Women
and Health
The
45
CSW details are available from web site
with the 2 themes. One is re Discrimination
on race, gender and the other is HIV and AIDS in
Women and Girls and EWD will be represented
on some of the NGO panels to address the linkages and issues
of widowhood in the context of HIV and AIDS.
WIDOWS'
HEALTH IN TRADITIONAL COMMUNITIES
A
considerable body of research and anecdotal evidence reveals
that, particularly in traditional cultures in developing countries,
widows and their girl children are least likely, among all
groups of women, to enjoy good physical or mental health due
to a combination of cultural, economic and legal factors
The
extreme discrimination and oppression experienced by widows
resulting in increased morbidity and mortality has never been
mentioned in either the PFA 1995 either beijin p for action
nor thre nor the 1988 Commm status of women CSW. Nor has any
specific reference been made to the wide spread gender-related
violence suffered by this vast category of women within the
family. This omission must be rectified and widows' health
considered at the 1999 CSW.
Widows'
low status, as compared with other women, has far-reaching
negative consequences for their health. In addition to their
poverty, landlessness, homelessness, malnutrition, they often
endure physical violence, include sexual harassment and rape,
verbal abuse,(such as accusations of witchcraft or immorality)

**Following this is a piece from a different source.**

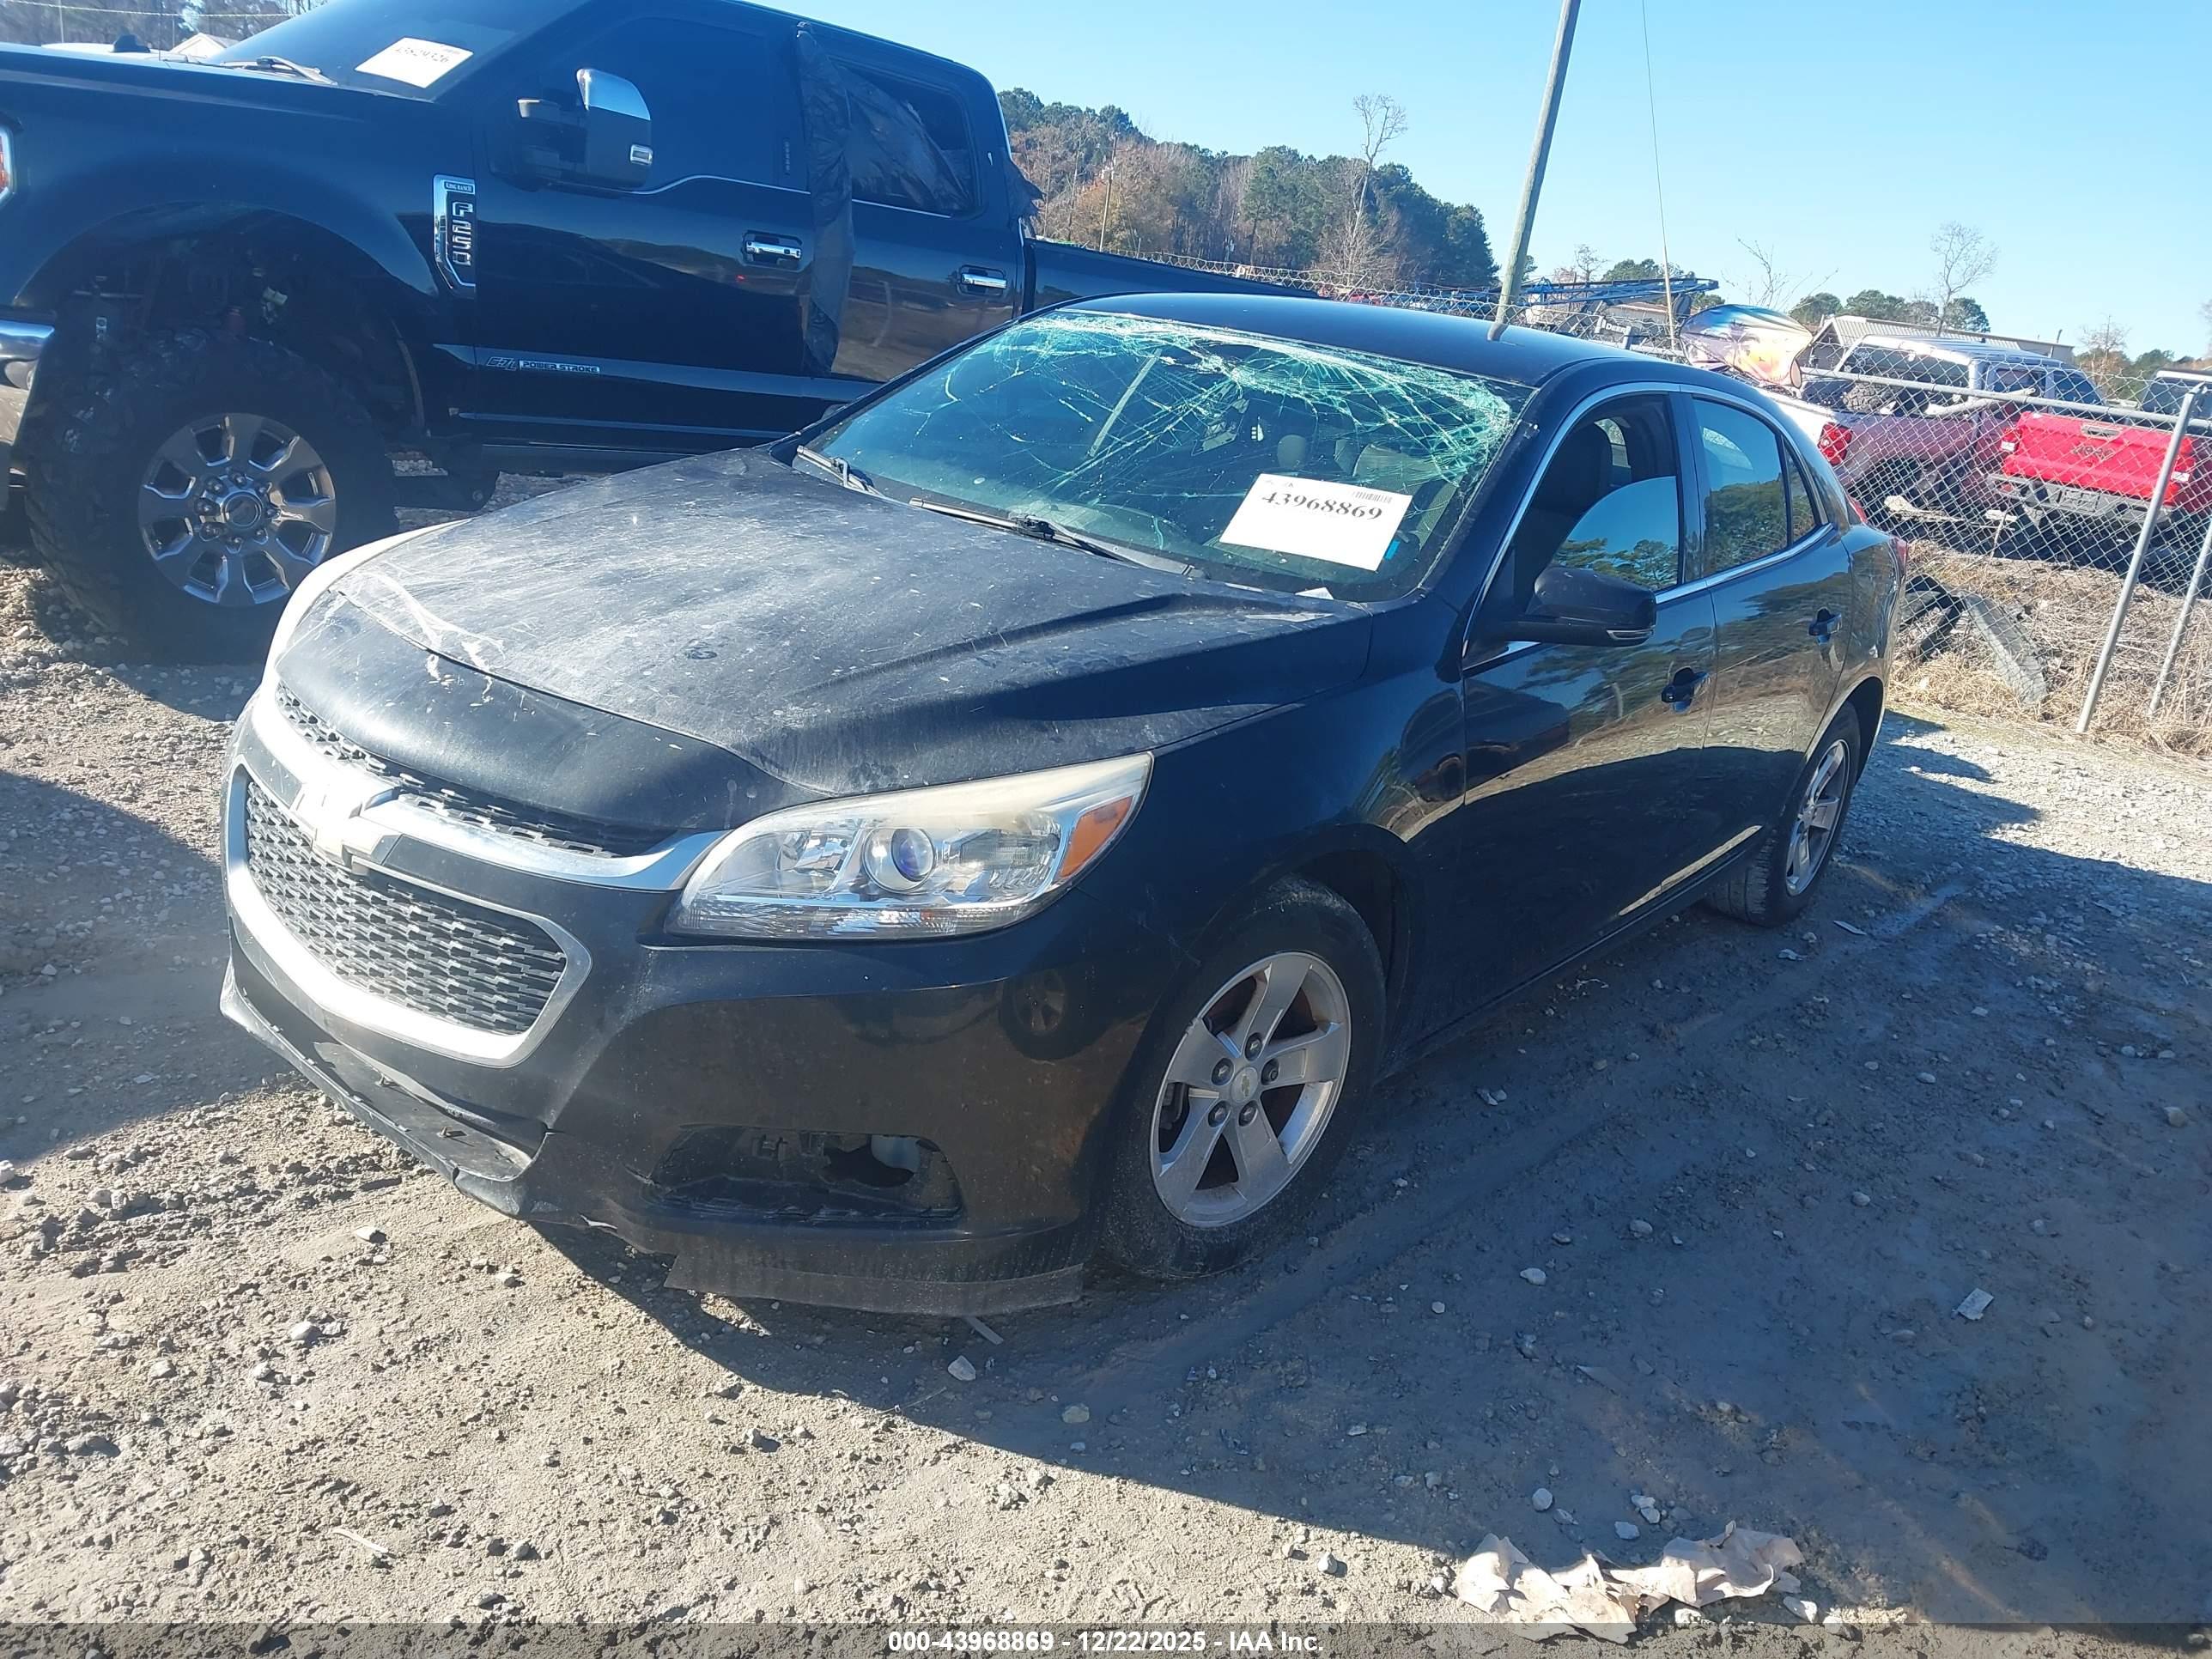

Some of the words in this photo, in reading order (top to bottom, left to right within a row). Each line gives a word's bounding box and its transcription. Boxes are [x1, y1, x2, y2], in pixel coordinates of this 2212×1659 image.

leading to a serious deterioration of their health. Many widows
commit suicide in their desperation.
Degrading
and harmful mourning and burial rites can further damage their
health, in particular in relation to their reproductive and
sexual health. In the context of HIV/AIDS some practices pose
the gravest health risks for widows and their children.
Actions:
Governments, in collaboration with NGOs, should focus on widows'
health status and needs, conducting research and gathering
testimonies from this most invisible and vulnerable category
of women. They should also examine the consequences of their
mothers' widowhood for the girl child, and the plight of child
widows.
Governments,
NGOs and Donor agencies should work to encourage health providers
- PHC, MCH and FPAs - to design, in consultation with widows'
groups, appropriate, accessible and innovative health services
( including reproductive health) for widows of all ages.
Governments
and donors should support and fund social, economic, political
and cultural research on how widowhood affects women's health
and disseminate the findings.
Governments
should collect information on traditional practices and attitudes,
customary and religious laws (inheritance, land ownership,
personal status) that determine widows' lives, and support
NGOs and legal literacy programmes which can protect widows
from infringements of their human rights to health and well-being.
Support
should be given to the development and capacity of grass-roots
and national organisations of widows who can be involved in
empirical research leading to policies reflecting the changing
realities of widows' lives.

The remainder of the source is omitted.